What you will do: Would you please copy the entries exactly, leaving every picture aside?

[Referring expression grounding data]

══════════════════════════════

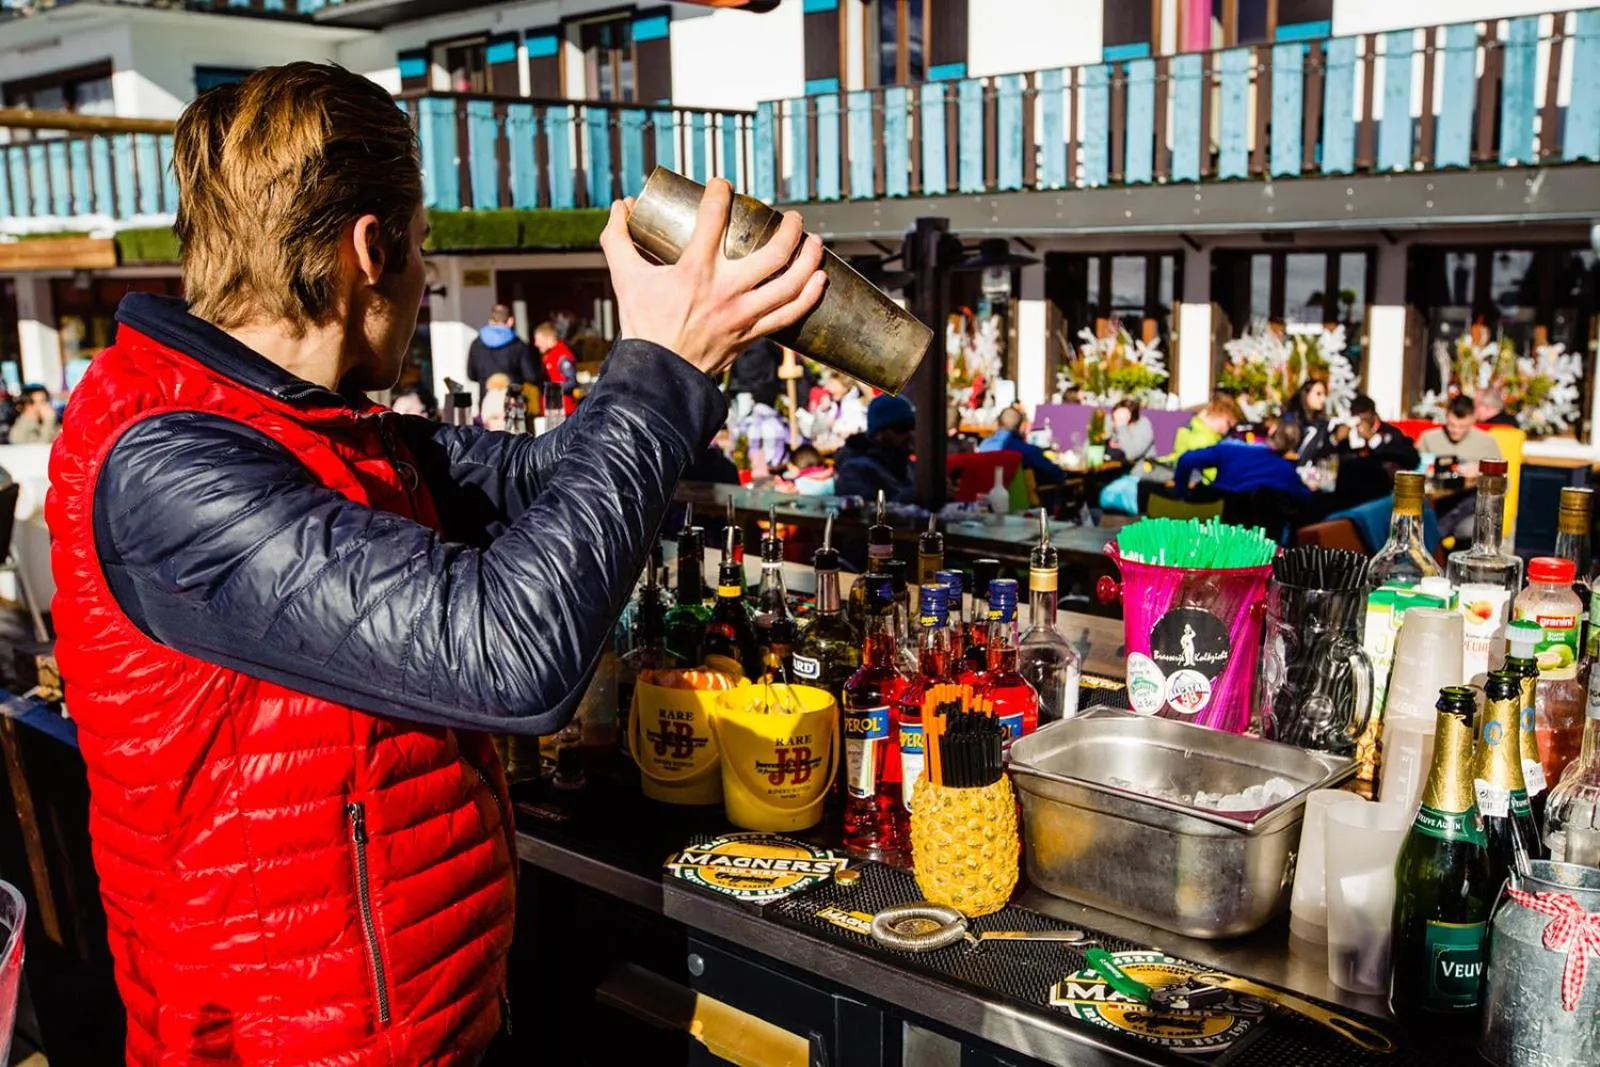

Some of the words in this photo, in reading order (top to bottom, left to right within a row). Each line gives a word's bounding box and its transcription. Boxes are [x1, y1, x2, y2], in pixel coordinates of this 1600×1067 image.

[1540, 616, 1573, 627] granini
[658, 708, 695, 721] RARE
[775, 734, 813, 747] RARE
[678, 852, 834, 874] MAGNERS

══════════════════════════════

Problem solution:
Some of the words in this photo, in reading order (top to bottom, left to right within a row). Each line gives a word's bounding box and its transcription. Boxes are [x1, y1, x2, y2], in pixel coordinates of this 1600×1067 image.

[1540, 616, 1573, 627] granini
[658, 708, 695, 721] RARE
[775, 734, 813, 747] RARE
[678, 852, 834, 874] MAGNERS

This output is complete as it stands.